# Given data
-----

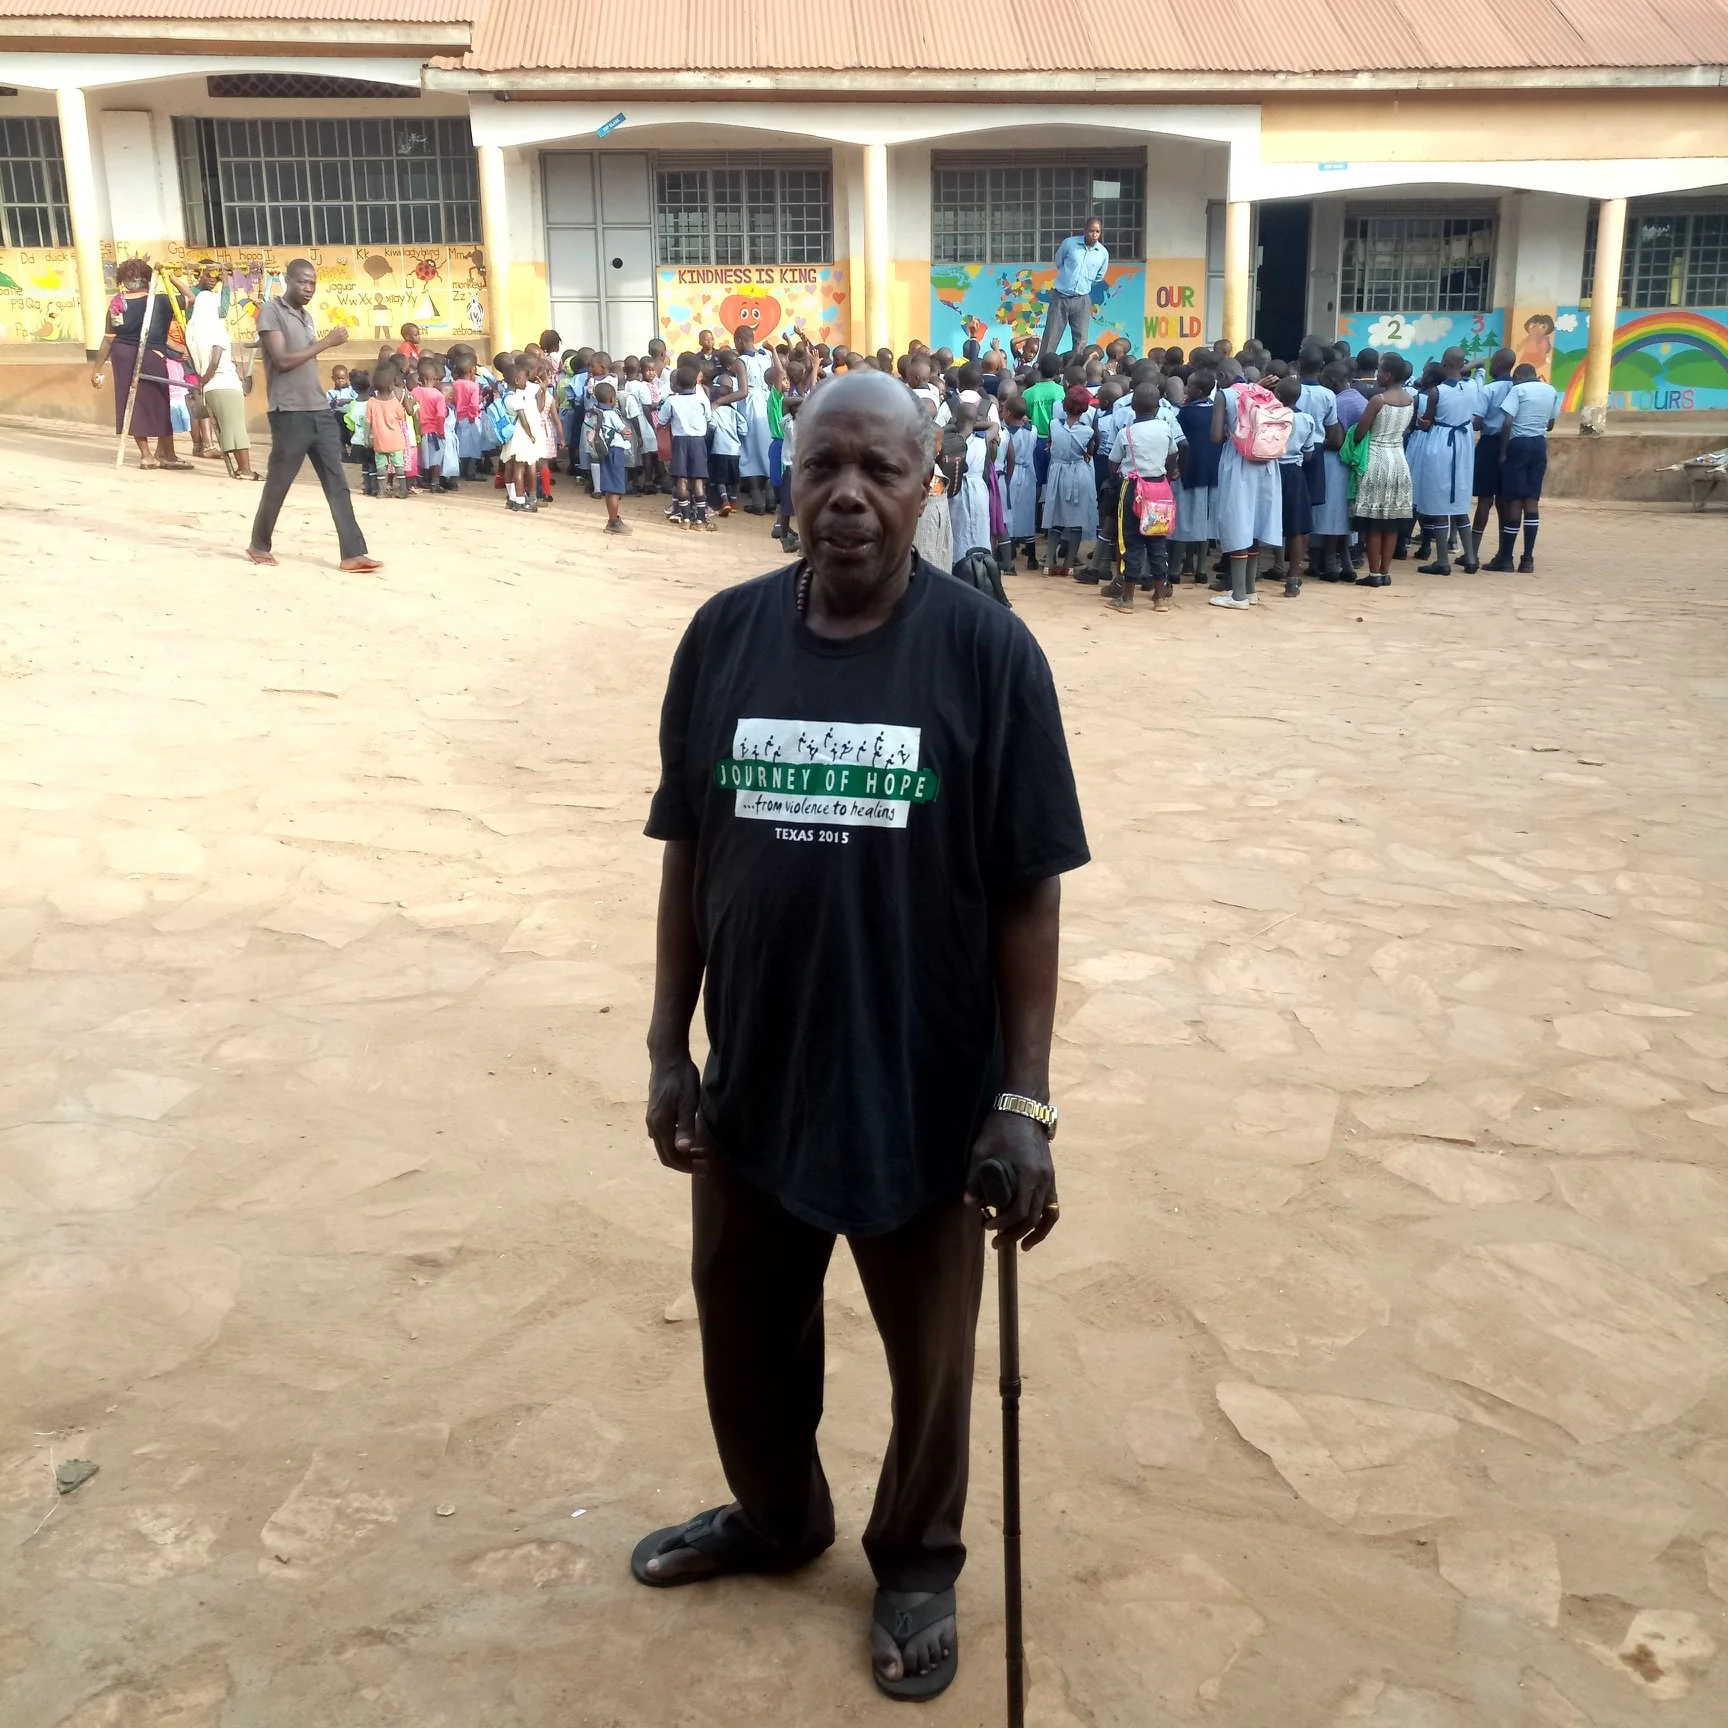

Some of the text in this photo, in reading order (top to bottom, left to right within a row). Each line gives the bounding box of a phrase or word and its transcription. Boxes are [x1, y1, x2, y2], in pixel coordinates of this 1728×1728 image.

[20, 252, 35, 265] Dd
[403, 248, 440, 259] ladybird
[677, 268, 818, 285] KINDNESS IS KING
[326, 283, 356, 295] jaguar
[452, 278, 483, 291] monkey
[337, 294, 358, 306] Ww
[358, 293, 373, 306] Xx
[452, 290, 466, 301] Zz
[1156, 285, 1195, 308] OUR
[452, 323, 473, 336] zebra
[1143, 316, 1202, 339] WORLD
[1387, 320, 1402, 340] 2
[1470, 315, 1485, 334] 3
[720, 764, 926, 798] JOURNEY OF HOPE
[785, 796, 830, 815] violence
[833, 799, 848, 816] to
[849, 800, 896, 821] healing
[774, 827, 850, 844] TEXAS 2015

-----

# Exercise goal
Set down all the data again exactly as above, pictures excluded.

# Response to this exercise
Some of the text in this photo, in reading order (top to bottom, left to right within a row). Each line gives the bounding box of a phrase or word and its transcription. Boxes are [x1, y1, x2, y2], in pixel coordinates of this 1728×1728 image.

[20, 252, 35, 265] Dd
[403, 248, 440, 259] ladybird
[677, 268, 818, 285] KINDNESS IS KING
[326, 283, 356, 295] jaguar
[452, 278, 483, 291] monkey
[337, 294, 358, 306] Ww
[358, 293, 373, 306] Xx
[452, 290, 466, 301] Zz
[1156, 285, 1195, 308] OUR
[452, 323, 473, 336] zebra
[1143, 316, 1202, 339] WORLD
[1387, 320, 1402, 340] 2
[1470, 315, 1485, 334] 3
[720, 764, 926, 798] JOURNEY OF HOPE
[785, 796, 830, 815] violence
[833, 799, 848, 816] to
[849, 800, 896, 821] healing
[774, 827, 850, 844] TEXAS 2015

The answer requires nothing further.